In May 1987, Justice Thurgood Marshall delivered a speech at the annual seminar of the San Francisco Patent and Trademark Association. That year marked the two-hundredth anniversary of the Constitution’s drafting in Philadelphia, and celebrations were planned nationwide under the guidance of former Chief Justice Warren Burger, who had resigned from the court a year earlier to orchestrate the proceedings. But not everyone saw reason for patriotic rejoicing. As he did so often during his final years on the court, Marshall dissented.
“I cannot accept this invitation, for I do not believe that the meaning of the Constitution was forever ‘fixed’ at the Philadelphia Convention,” he told the audience. “Nor do I find the wisdom, foresight, and sense of justice exhibited by the Framers particularly profound. To the contrary, the government they devised was defective from the start, requiring several amendments, a Civil War, and momentous social transformation to attain the system of constitutional government, and its respect for the individual freedoms and human rights, we hold as fundamental today.”
Marshall’s own career was a testament to those changes. Even before joining the Supreme Court, he played a pivotal role as a civil rights lawyer in redefining and expanding the Constitution’s protections. “When contemporary Americans cite ‘the Constitution,’ they invoke a concept that is vastly different from what the Framers barely began to construct two centuries ago,” he said. Instead of celebration, he counseled a more humble and sober reflection on how Americans had fought, lived, and died to create the modern Constitution.
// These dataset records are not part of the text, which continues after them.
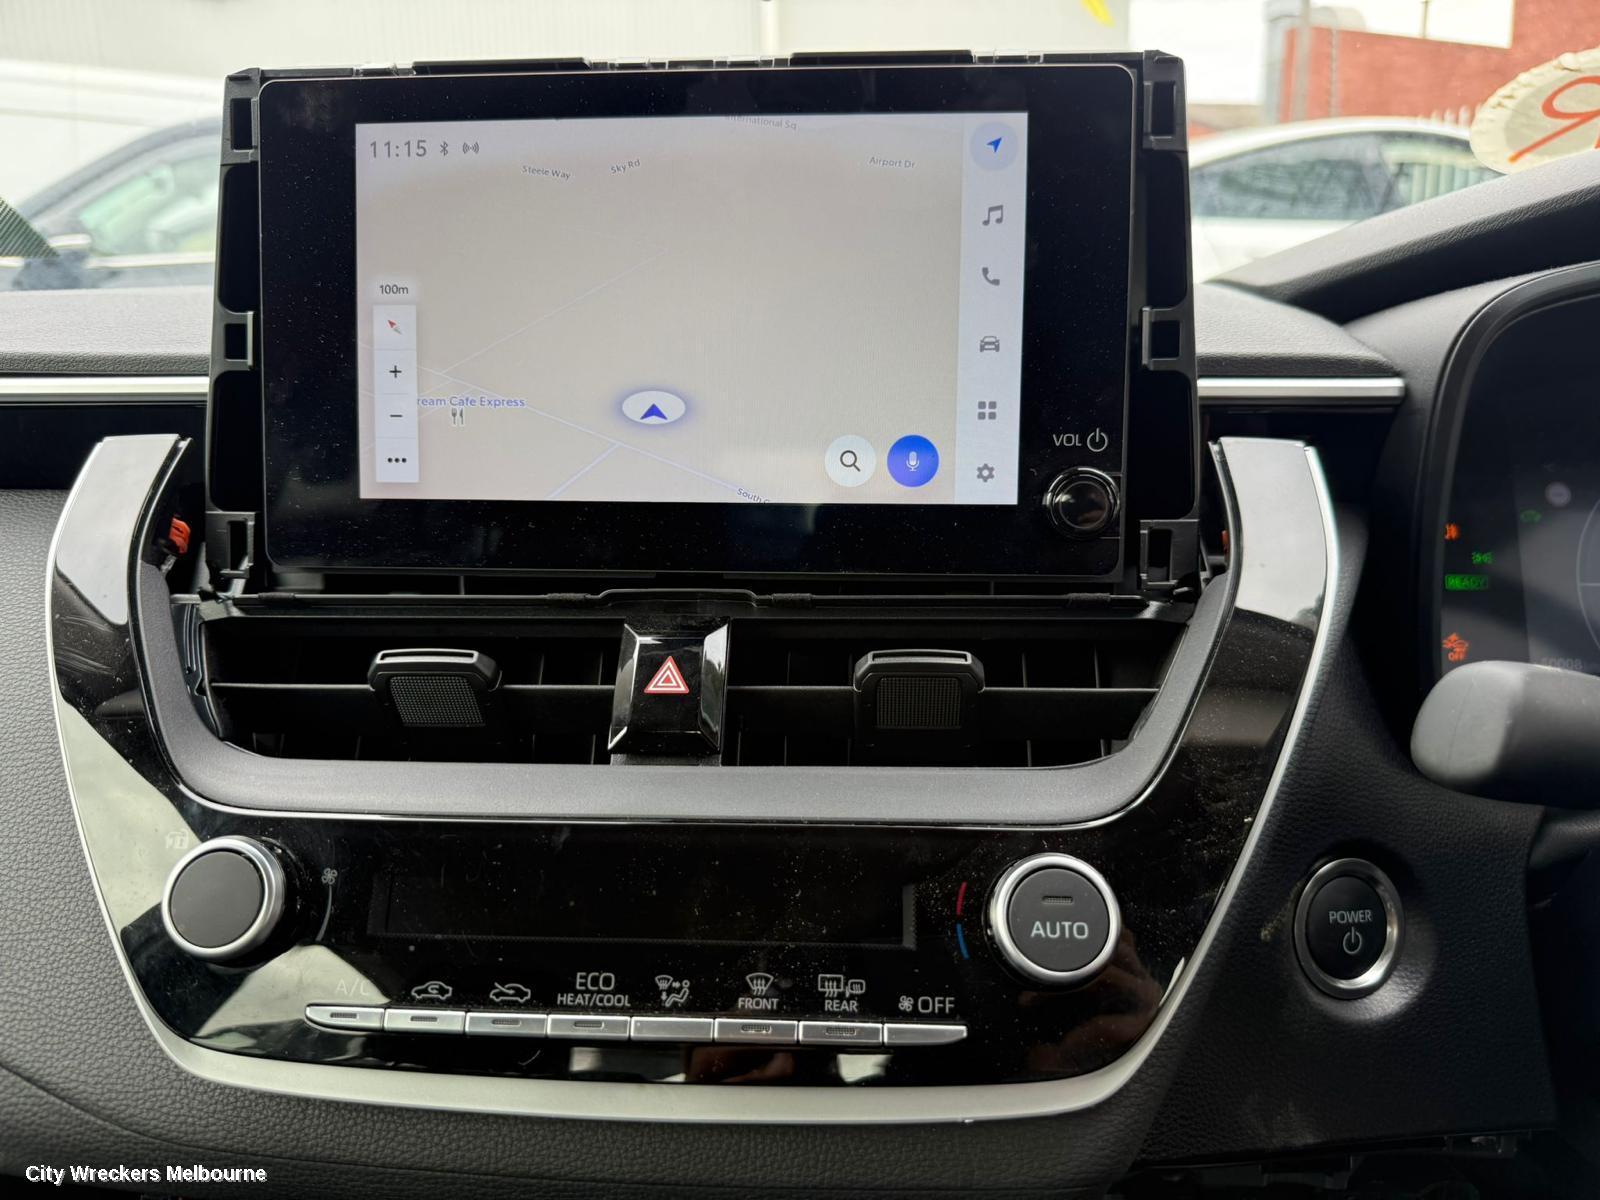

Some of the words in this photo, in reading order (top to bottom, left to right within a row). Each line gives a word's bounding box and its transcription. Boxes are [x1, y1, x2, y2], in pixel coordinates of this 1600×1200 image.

[369, 139, 428, 158] 11:15
[610, 163, 626, 174] Sky
[627, 159, 641, 169] Rd
[869, 156, 902, 168] Airport
[904, 160, 915, 169] Dr
[521, 165, 550, 176] Steele
[551, 169, 571, 180] Way
[379, 284, 409, 295] 100m
[417, 398, 447, 407] ream
[450, 396, 477, 407] Cafe
[479, 396, 526, 408] Express
[1052, 433, 1082, 447] VOL
[1328, 909, 1372, 924] POWER
[1030, 920, 1089, 939] AUTO
[334, 978, 370, 996] A/C
[575, 972, 615, 991] ECO
[557, 993, 630, 1007] HEAT/COOL
[737, 997, 779, 1010] FRONT
[824, 999, 859, 1012] REAR
[917, 996, 955, 1013] OFF
Marshall’s argument is even more relevant today. The past three decades, which span my entire life, have shown the limits and flaws of the Constitution of 1787. Congress is a pale shadow of its past self. Between partisan gerrymandering of the House and widening geographic disparities in the Senate, the two chambers can barely be called “representative” of the people they ostensibly serve. The average legislator, beholden to the demands of loose campaign-finance laws, spends more time dialing for dollars than crafting major legislation or overseeing the executive branch.